The bill enables creation of an Alberta “export license” requirement for out-of-province shipments by any means — pipeline, railway or truck — to consumers elsewhere in Canada. The power would be kept in reserve, ready for immediate use to fight any escalation of British Columbia (BC) government resistance against Trans Mountain.

“We did not start this fight,but let there be no doubt we will do whatever it takes to build this pipeline,” said Notley. “This is about protecting the jobs and livelihoods of thousands of Albertans and our ability to keep Canada working.”

The addition to the Alberta legislative arsenal responds to a threat issued over the winter by BC authorities to restrict Trans Mountain flows to its Pacific coast tanker terminal at Vancouver for the duration of a marine safety and spill response inquiry.

The BC government has vowed to seek legal confirmation in the courts that the Canadian constitution grants provincial power to champion the environment and aboriginal rights. The Alberta and federal governments dispute the BC claim.
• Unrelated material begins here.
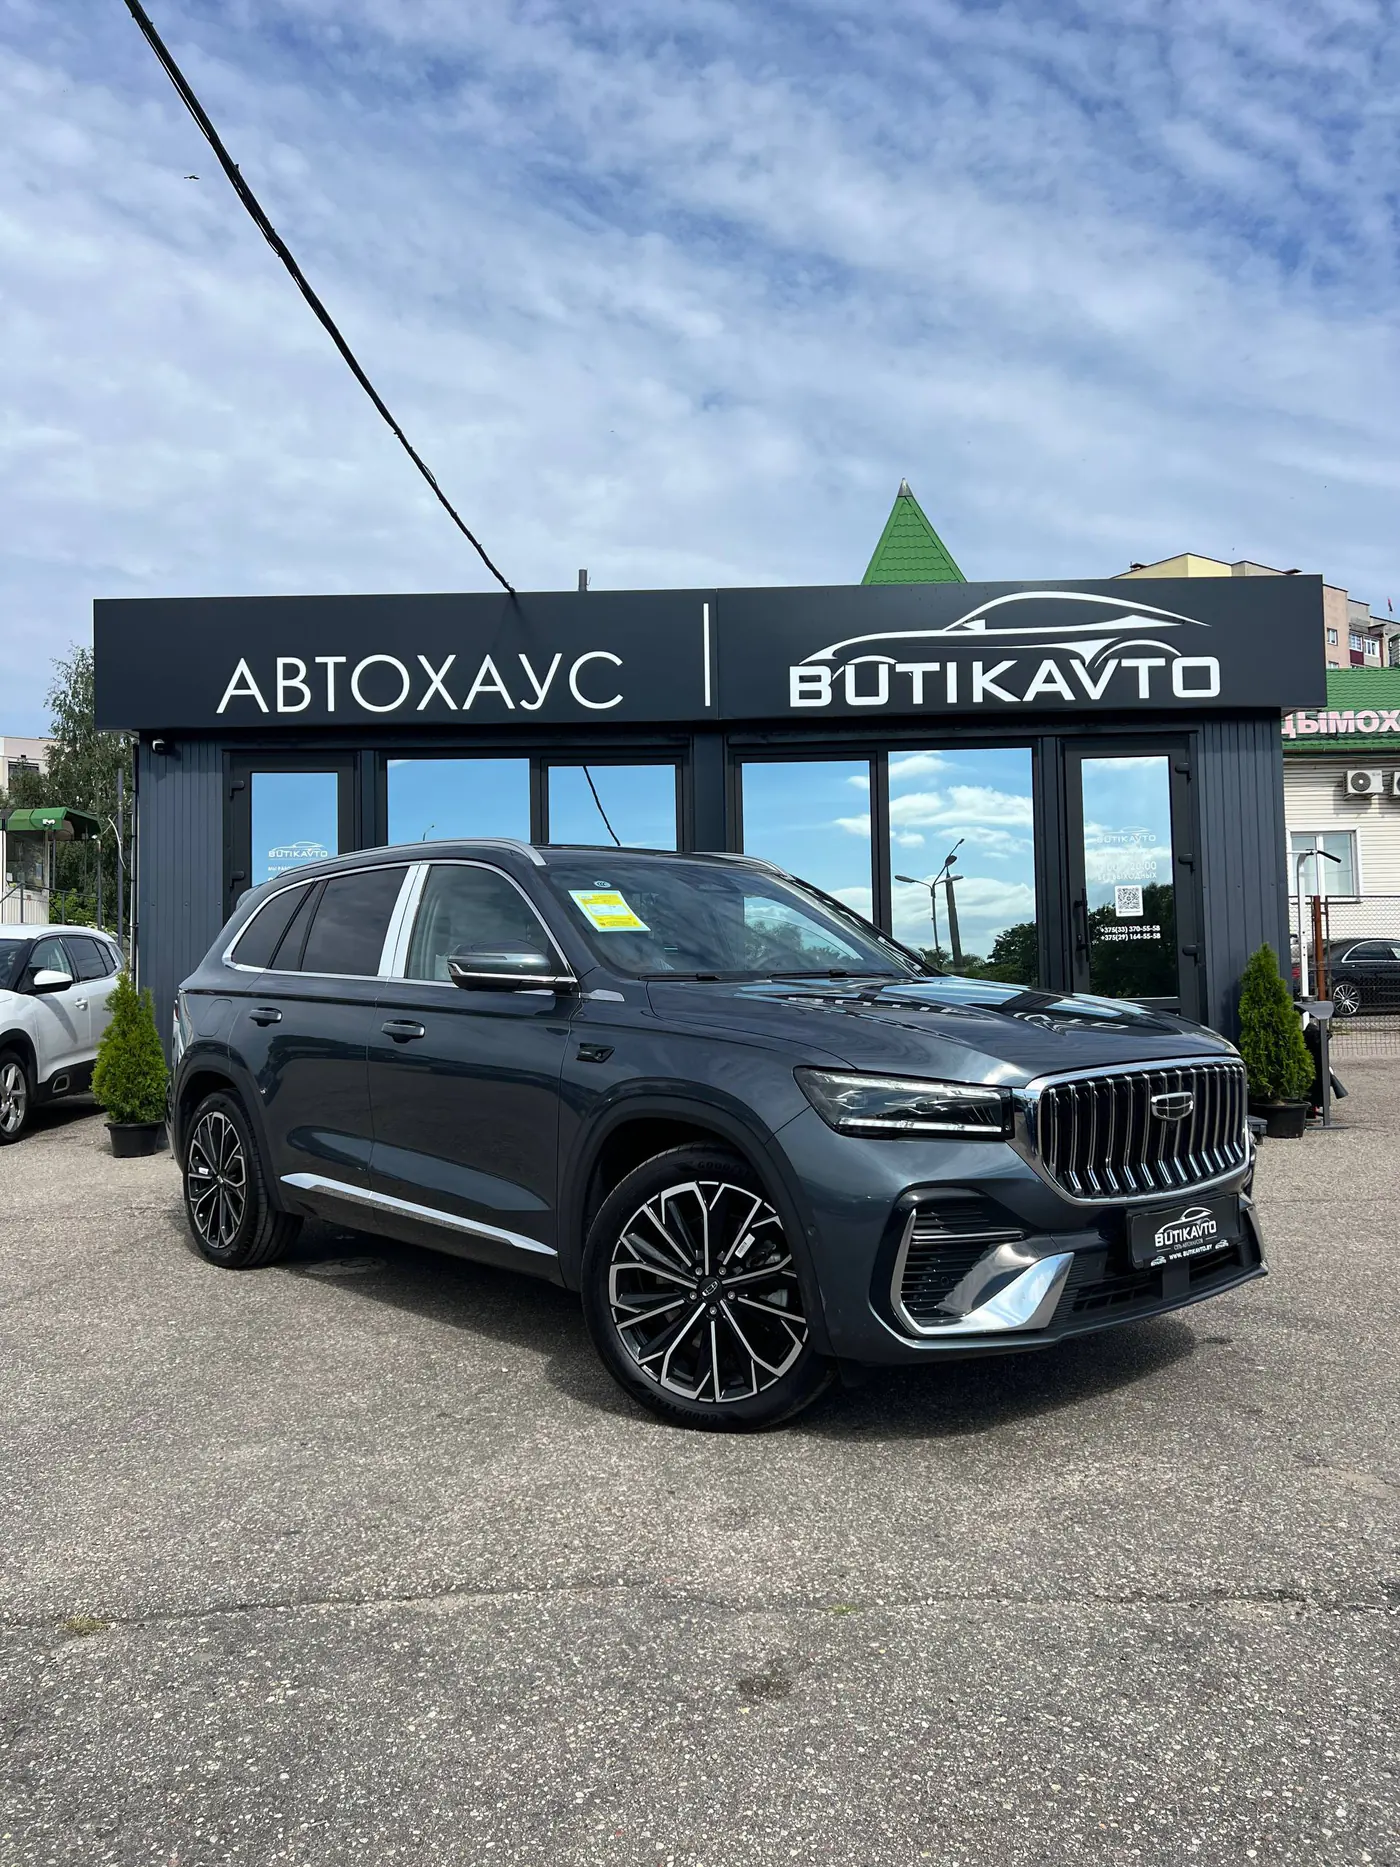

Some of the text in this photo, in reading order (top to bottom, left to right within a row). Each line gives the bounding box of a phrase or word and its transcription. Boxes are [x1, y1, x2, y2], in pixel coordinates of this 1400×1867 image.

[216, 651, 624, 714] АВТОХАУС
[789, 656, 1221, 707] BUTIKAVTO
[268, 850, 328, 858] BUTIKAVTO
[1155, 1220, 1217, 1247] BUTIKAVTO
The jurisdictional feud prompted KML to suspend the scheduled spring start of large-scale, high-cost construction as of April 8. The company set a May 31 deadline for a settlement to clear away political risk from the C$7.4 billion ($5.9-billion) plan to triple Trans Mountain’s capacity to 890,000 b/d.

The BC government has since made no new moves, either to stiffen or soften opposition to the project. Negotiations are underway on an array of undisclosed options, including Alberta and federal offers of financial “de-risking” assurances including potential government ownership interests.

The new Alberta authority to control out-of-province oil and gas traffic deliveries will be enforced to the extent that pipeline opponents provoke responses, said the provincial energy minister. “The powers in this legislation are not powers Alberta wants to use, but we will do so if it means long-term benefit for the industry, for Alberta and for Canada,” said McCuaig-Boyd.

As Alberta talked tough, the BC Prosecution Service adopted a hard line against protesters who stage shows of defying a court injunction against interfering with a Trans Mountain work site in Burnaby, a Vancouver satellite city.

Acting on a BC Supreme Court judge’s recommendation, the service Monday converted civil contempt of court citations against about 200 demonstrators into criminal prosecutions. Special prosecutors were also appointed to conduct cases involving two BC members of Parliament, Green Party leader Elizabeth May and New Democrat Kennedy Stewart.